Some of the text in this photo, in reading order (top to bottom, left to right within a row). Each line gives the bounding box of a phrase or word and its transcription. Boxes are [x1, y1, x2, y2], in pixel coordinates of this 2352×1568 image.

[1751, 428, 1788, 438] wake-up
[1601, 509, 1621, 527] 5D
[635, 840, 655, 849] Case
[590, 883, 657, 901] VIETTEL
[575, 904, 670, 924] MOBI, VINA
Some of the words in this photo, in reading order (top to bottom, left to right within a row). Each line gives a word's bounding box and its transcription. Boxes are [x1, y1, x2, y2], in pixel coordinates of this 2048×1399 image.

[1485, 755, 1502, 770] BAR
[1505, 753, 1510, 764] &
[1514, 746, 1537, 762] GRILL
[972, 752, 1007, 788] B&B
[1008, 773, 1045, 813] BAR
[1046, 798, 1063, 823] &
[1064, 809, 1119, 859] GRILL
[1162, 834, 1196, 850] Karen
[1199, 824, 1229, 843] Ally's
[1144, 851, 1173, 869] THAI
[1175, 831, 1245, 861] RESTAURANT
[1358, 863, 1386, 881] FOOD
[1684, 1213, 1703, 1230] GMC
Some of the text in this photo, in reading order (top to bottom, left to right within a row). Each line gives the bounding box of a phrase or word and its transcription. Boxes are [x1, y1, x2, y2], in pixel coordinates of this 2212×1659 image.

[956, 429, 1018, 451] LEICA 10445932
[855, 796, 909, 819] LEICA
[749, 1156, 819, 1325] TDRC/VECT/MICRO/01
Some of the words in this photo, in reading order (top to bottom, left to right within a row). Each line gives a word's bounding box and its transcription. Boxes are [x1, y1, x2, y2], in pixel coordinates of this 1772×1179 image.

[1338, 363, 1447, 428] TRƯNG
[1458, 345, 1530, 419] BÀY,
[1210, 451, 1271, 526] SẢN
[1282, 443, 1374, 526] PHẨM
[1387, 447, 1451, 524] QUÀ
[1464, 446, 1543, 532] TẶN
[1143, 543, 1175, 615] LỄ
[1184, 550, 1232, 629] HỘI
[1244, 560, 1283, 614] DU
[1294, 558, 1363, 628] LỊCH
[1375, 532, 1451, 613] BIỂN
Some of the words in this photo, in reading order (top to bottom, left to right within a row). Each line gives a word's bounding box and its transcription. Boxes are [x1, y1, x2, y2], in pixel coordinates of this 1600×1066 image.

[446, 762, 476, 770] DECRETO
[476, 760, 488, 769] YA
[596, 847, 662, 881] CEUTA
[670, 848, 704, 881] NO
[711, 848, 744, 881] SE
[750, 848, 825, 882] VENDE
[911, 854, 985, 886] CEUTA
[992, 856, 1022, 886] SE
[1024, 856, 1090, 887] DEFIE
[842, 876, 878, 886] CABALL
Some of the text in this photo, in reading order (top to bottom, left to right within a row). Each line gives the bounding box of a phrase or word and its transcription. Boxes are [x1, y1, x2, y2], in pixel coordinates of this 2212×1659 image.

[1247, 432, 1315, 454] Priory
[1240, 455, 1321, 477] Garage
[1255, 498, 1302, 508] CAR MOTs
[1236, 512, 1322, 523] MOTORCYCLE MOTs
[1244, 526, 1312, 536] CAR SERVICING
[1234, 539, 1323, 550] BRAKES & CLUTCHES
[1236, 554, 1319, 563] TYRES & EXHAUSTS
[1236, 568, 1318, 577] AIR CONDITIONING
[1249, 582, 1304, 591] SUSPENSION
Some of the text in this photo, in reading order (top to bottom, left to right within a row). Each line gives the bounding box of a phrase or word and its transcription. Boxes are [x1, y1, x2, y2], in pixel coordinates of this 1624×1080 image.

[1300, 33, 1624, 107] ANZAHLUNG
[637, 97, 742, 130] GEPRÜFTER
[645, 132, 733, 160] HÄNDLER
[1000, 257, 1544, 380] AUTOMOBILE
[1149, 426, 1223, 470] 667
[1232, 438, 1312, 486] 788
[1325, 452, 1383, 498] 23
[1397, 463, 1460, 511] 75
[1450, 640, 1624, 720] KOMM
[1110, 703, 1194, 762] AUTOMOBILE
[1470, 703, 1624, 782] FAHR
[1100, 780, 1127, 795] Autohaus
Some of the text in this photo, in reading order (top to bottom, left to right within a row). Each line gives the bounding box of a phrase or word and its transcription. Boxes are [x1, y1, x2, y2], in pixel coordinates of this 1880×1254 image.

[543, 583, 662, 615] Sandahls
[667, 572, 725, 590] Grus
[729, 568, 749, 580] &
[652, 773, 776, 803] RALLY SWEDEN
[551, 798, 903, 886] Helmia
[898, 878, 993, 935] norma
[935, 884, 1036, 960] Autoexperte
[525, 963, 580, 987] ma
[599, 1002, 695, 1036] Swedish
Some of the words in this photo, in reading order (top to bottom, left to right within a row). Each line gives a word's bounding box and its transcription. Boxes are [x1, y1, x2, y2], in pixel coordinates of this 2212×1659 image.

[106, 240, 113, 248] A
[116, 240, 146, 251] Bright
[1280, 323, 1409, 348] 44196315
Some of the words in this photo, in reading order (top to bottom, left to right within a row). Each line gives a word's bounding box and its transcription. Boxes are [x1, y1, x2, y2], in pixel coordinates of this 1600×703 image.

§ **Work order**
Transcribe all of the material above so that it matches the source exactly.

§ **Answer section**
Some of the text in this photo, in reading order (top to bottom, left to right within a row). Each line gives the bounding box of a phrase or word and its transcription. Boxes are [x1, y1, x2, y2], in pixel coordinates of this 2352×1568 image.

[1751, 428, 1788, 438] wake-up
[1601, 509, 1621, 527] 5D
[635, 840, 655, 849] Case
[590, 883, 657, 901] VIETTEL
[575, 904, 670, 924] MOBI, VINA
Some of the words in this photo, in reading order (top to bottom, left to right within a row). Each line gives a word's bounding box and its transcription. Boxes are [x1, y1, x2, y2], in pixel coordinates of this 2048×1399 image.

[1485, 755, 1502, 770] BAR
[1505, 753, 1510, 764] &
[1514, 746, 1537, 762] GRILL
[972, 752, 1007, 788] B&B
[1008, 773, 1045, 813] BAR
[1046, 798, 1063, 823] &
[1064, 809, 1119, 859] GRILL
[1162, 834, 1196, 850] Karen
[1199, 824, 1229, 843] Ally's
[1144, 851, 1173, 869] THAI
[1175, 831, 1245, 861] RESTAURANT
[1358, 863, 1386, 881] FOOD
[1684, 1213, 1703, 1230] GMC
Some of the text in this photo, in reading order (top to bottom, left to right within a row). Each line gives the bounding box of a phrase or word and its transcription. Boxes are [x1, y1, x2, y2], in pixel coordinates of this 2212×1659 image.

[956, 429, 1018, 451] LEICA 10445932
[855, 796, 909, 819] LEICA
[749, 1156, 819, 1325] TDRC/VECT/MICRO/01
Some of the words in this photo, in reading order (top to bottom, left to right within a row). Each line gives a word's bounding box and its transcription. Boxes are [x1, y1, x2, y2], in pixel coordinates of this 1772×1179 image.

[1338, 363, 1447, 428] TRƯNG
[1458, 345, 1530, 419] BÀY,
[1210, 451, 1271, 526] SẢN
[1282, 443, 1374, 526] PHẨM
[1387, 447, 1451, 524] QUÀ
[1464, 446, 1543, 532] TẶN
[1143, 543, 1175, 615] LỄ
[1184, 550, 1232, 629] HỘI
[1244, 560, 1283, 614] DU
[1294, 558, 1363, 628] LỊCH
[1375, 532, 1451, 613] BIỂN
Some of the words in this photo, in reading order (top to bottom, left to right within a row). Each line gives a word's bounding box and its transcription. Boxes are [x1, y1, x2, y2], in pixel coordinates of this 1600×1066 image.

[446, 762, 476, 770] DECRETO
[476, 760, 488, 769] YA
[596, 847, 662, 881] CEUTA
[670, 848, 704, 881] NO
[711, 848, 744, 881] SE
[750, 848, 825, 882] VENDE
[911, 854, 985, 886] CEUTA
[992, 856, 1022, 886] SE
[1024, 856, 1090, 887] DEFIE
[842, 876, 878, 886] CABALL
Some of the text in this photo, in reading order (top to bottom, left to right within a row). Each line gives the bounding box of a phrase or word and its transcription. Boxes are [x1, y1, x2, y2], in pixel coordinates of this 2212×1659 image.

[1247, 432, 1315, 454] Priory
[1240, 455, 1321, 477] Garage
[1255, 498, 1302, 508] CAR MOTs
[1236, 512, 1322, 523] MOTORCYCLE MOTs
[1244, 526, 1312, 536] CAR SERVICING
[1234, 539, 1323, 550] BRAKES & CLUTCHES
[1236, 554, 1319, 563] TYRES & EXHAUSTS
[1236, 568, 1318, 577] AIR CONDITIONING
[1249, 582, 1304, 591] SUSPENSION
Some of the text in this photo, in reading order (top to bottom, left to right within a row). Each line gives the bounding box of a phrase or word and its transcription. Boxes are [x1, y1, x2, y2], in pixel coordinates of this 1624×1080 image.

[1300, 33, 1624, 107] ANZAHLUNG
[637, 97, 742, 130] GEPRÜFTER
[645, 132, 733, 160] HÄNDLER
[1000, 257, 1544, 380] AUTOMOBILE
[1149, 426, 1223, 470] 667
[1232, 438, 1312, 486] 788
[1325, 452, 1383, 498] 23
[1397, 463, 1460, 511] 75
[1450, 640, 1624, 720] KOMM
[1110, 703, 1194, 762] AUTOMOBILE
[1470, 703, 1624, 782] FAHR
[1100, 780, 1127, 795] Autohaus
Some of the text in this photo, in reading order (top to bottom, left to right within a row). Each line gives the bounding box of a phrase or word and its transcription. Boxes are [x1, y1, x2, y2], in pixel coordinates of this 1880×1254 image.

[543, 583, 662, 615] Sandahls
[667, 572, 725, 590] Grus
[729, 568, 749, 580] &
[652, 773, 776, 803] RALLY SWEDEN
[551, 798, 903, 886] Helmia
[898, 878, 993, 935] norma
[935, 884, 1036, 960] Autoexperte
[525, 963, 580, 987] ma
[599, 1002, 695, 1036] Swedish
Some of the words in this photo, in reading order (top to bottom, left to right within a row). Each line gives a word's bounding box and its transcription. Boxes are [x1, y1, x2, y2], in pixel coordinates of this 2212×1659 image.

[106, 240, 113, 248] A
[116, 240, 146, 251] Bright
[1280, 323, 1409, 348] 44196315
Some of the words in this photo, in reading order (top to bottom, left to right within a row). Each line gives a word's bounding box and its transcription. Boxes are [x1, y1, x2, y2], in pixel coordinates of this 1600×703 image.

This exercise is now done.